### Records provided
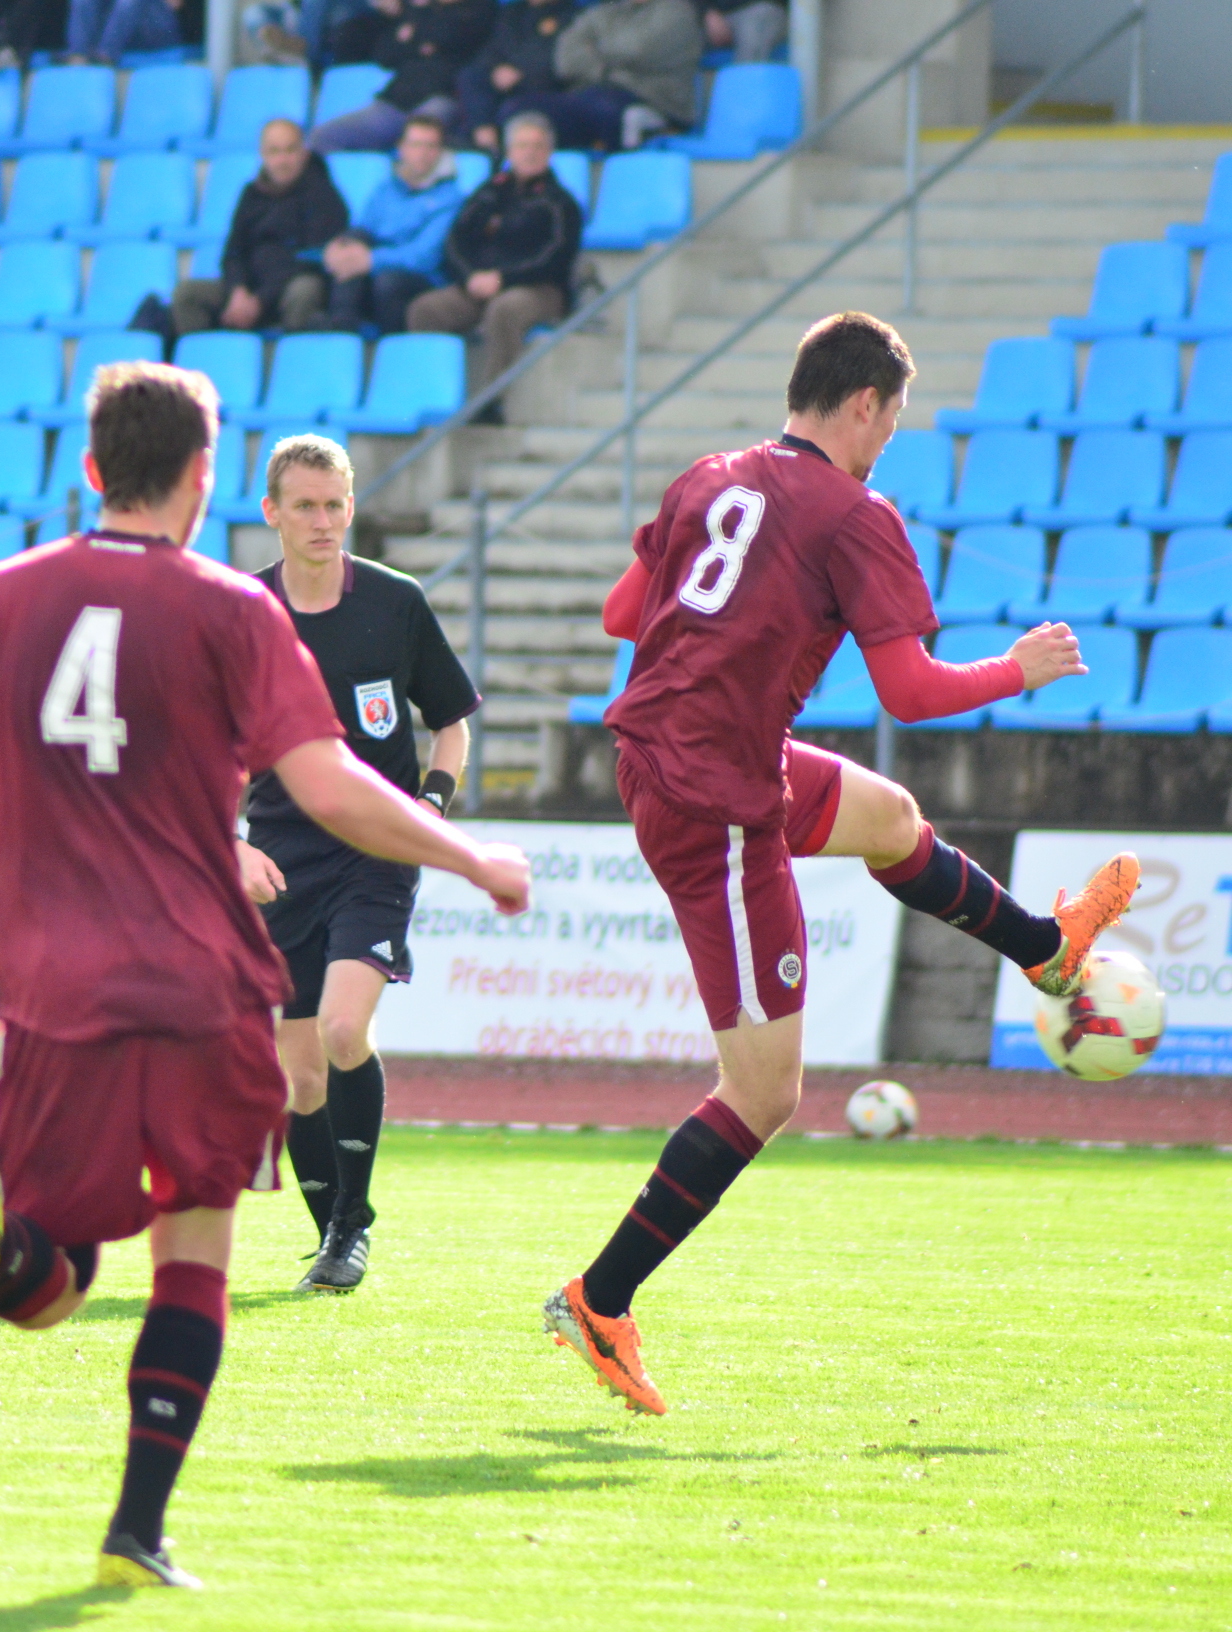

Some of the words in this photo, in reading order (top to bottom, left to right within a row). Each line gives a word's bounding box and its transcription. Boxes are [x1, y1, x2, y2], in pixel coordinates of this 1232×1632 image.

[679, 485, 765, 614] 8
[40, 605, 128, 773] 4
[558, 911, 572, 940] a
[448, 957, 538, 996] Přední
[547, 961, 654, 1009] světový
[478, 1015, 634, 1057] obráběcích

### Exercise brief
Give back each entry verbatim but drop its pictures.

### Response area
Some of the words in this photo, in reading order (top to bottom, left to right within a row). Each line gives a word's bounding box and its transcription. Boxes are [x1, y1, x2, y2], in pixel coordinates of this 1232×1632 image.

[679, 485, 765, 614] 8
[40, 605, 128, 773] 4
[558, 911, 572, 940] a
[448, 957, 538, 996] Přední
[547, 961, 654, 1009] světový
[478, 1015, 634, 1057] obráběcích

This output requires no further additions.